Reinventing Microsoft

Big days of change are clearly ahead for Microsoft. The Board of Directors has some big decisions to make as the largest activist investors are applying pressure to see their particular agenda enacted.

The main issue is that Ballmer himself is leaving Microsoft in the next 12 months — he offered a tearful goodbye to employees at last week’s annual companywide meeting — and finding a new CEO to execute such a dramatic shift in the company’s strategy while maintaining its existing 16 billion-dollar businesses will be no easy task.
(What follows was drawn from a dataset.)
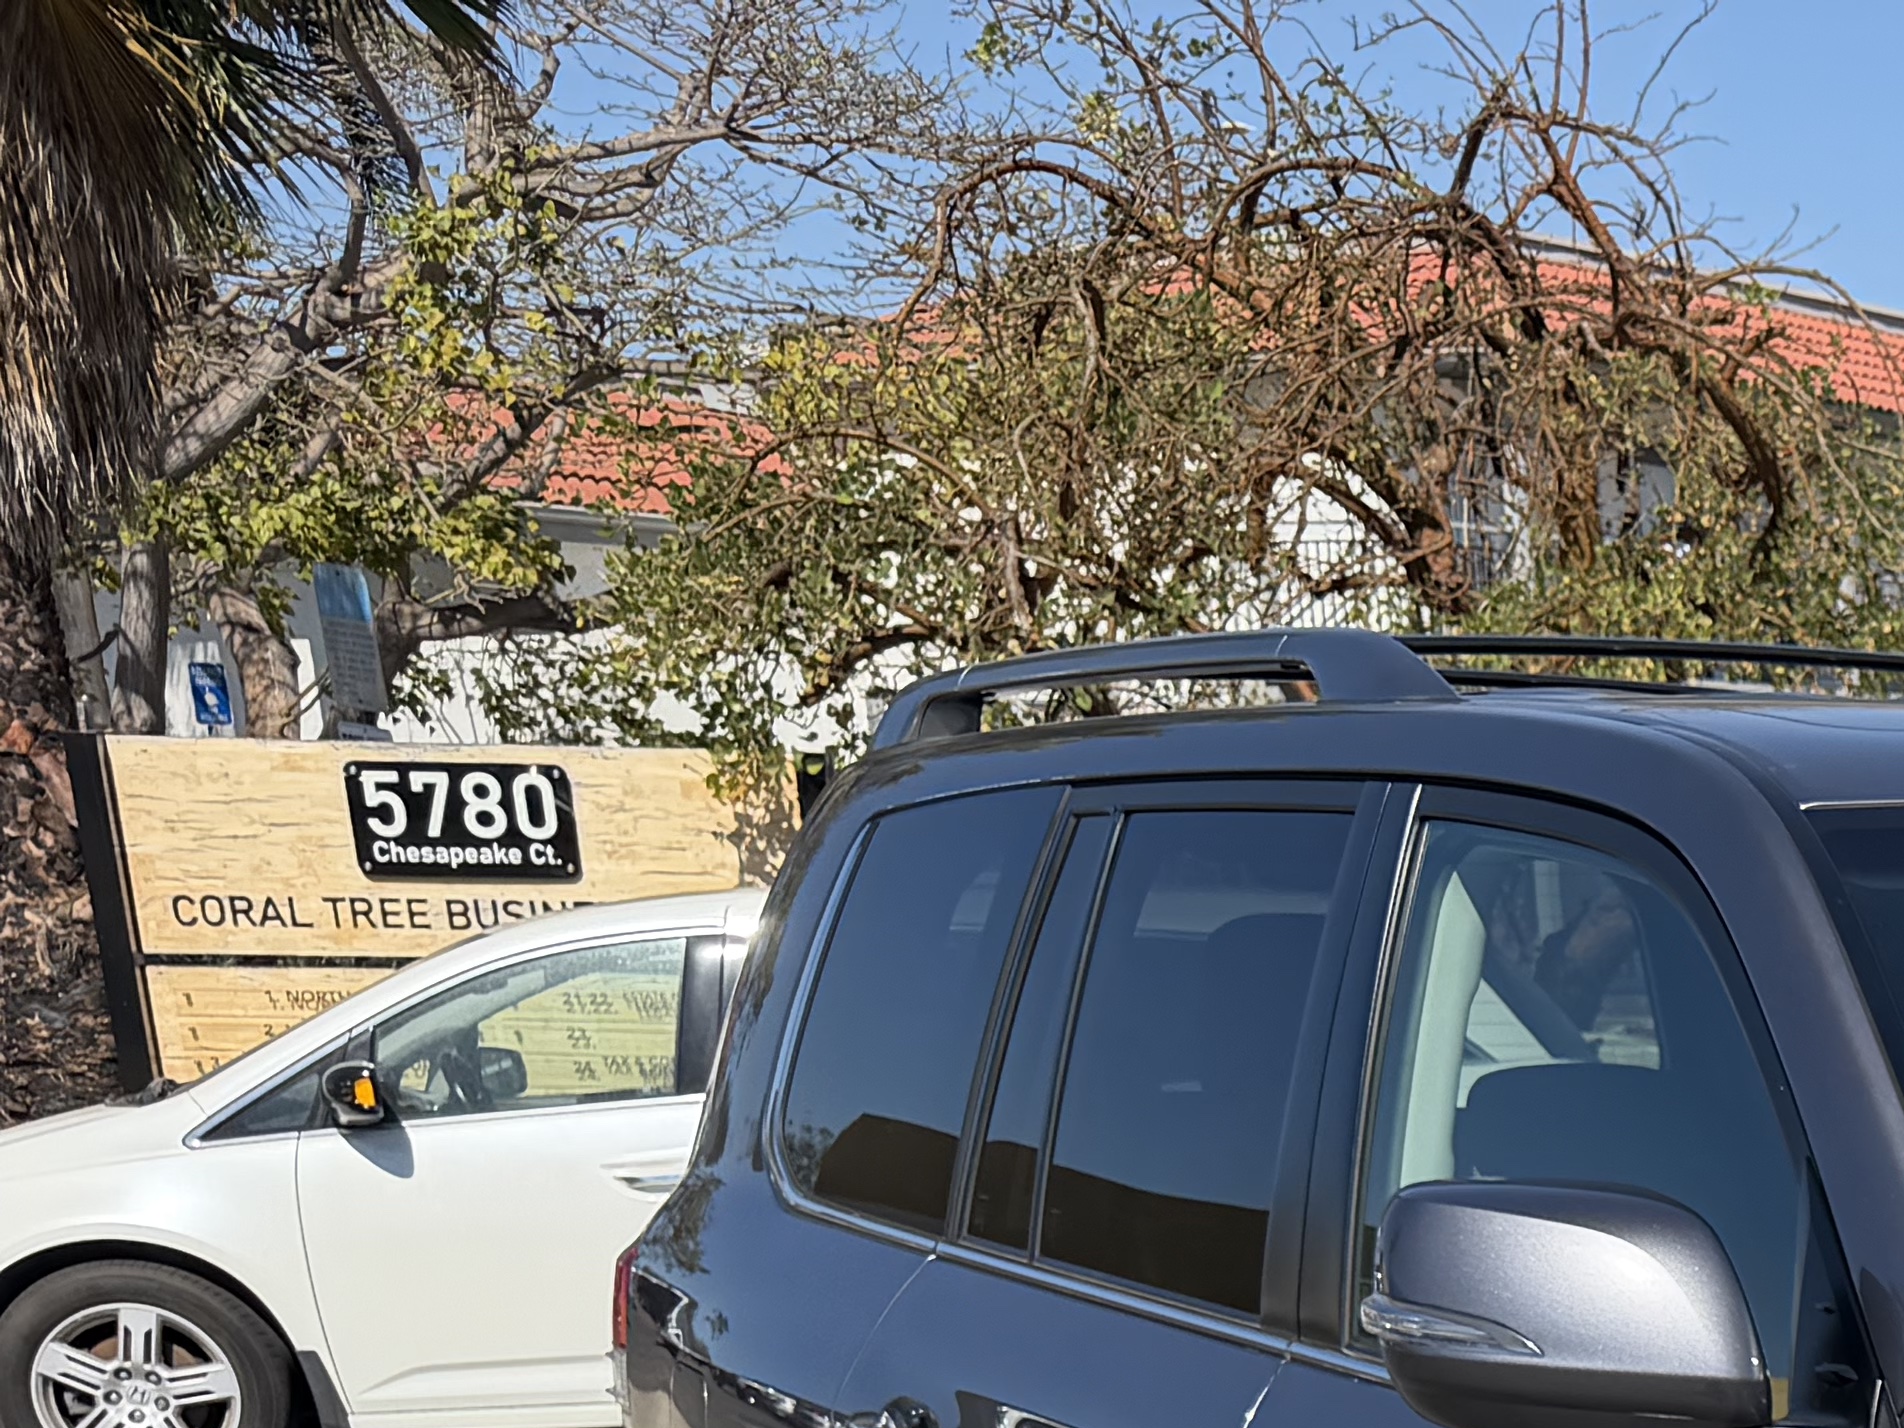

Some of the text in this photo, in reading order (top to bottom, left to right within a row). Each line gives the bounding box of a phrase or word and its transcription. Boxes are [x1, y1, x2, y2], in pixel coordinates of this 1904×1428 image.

[359, 769, 557, 840] 5780
[372, 840, 563, 869] Chesapeake Ct.
[171, 894, 595, 931] CORAL TREE BUSI
That task has been made substantially more difficult in recent days by activist investors — reports surfaced last week that a group made up of “three of the top 20 investors” was pushing for Ford CEO Alan Mulally to take over the top spot, and yesterday news leaked that Microsoft’s board was seriously considering him. At the same time, “three of the top 20 investors” were also credited yesterday with pushing to remove Bill Gates from the Microsoft board, which he currently chairs. That would include his removal from the CEO search committee, which is presumably moving forward on the Mulally recommendation at the same time. None of that feels particularly suited to a smooth transition.

Every time I hear someone complaining about Apple’s lack of innovation or pending doom or the crime of having too much cash, I just think about Microsoft, Dell, and Blackberry and thank heavens for Tim Cook and the rest of the team.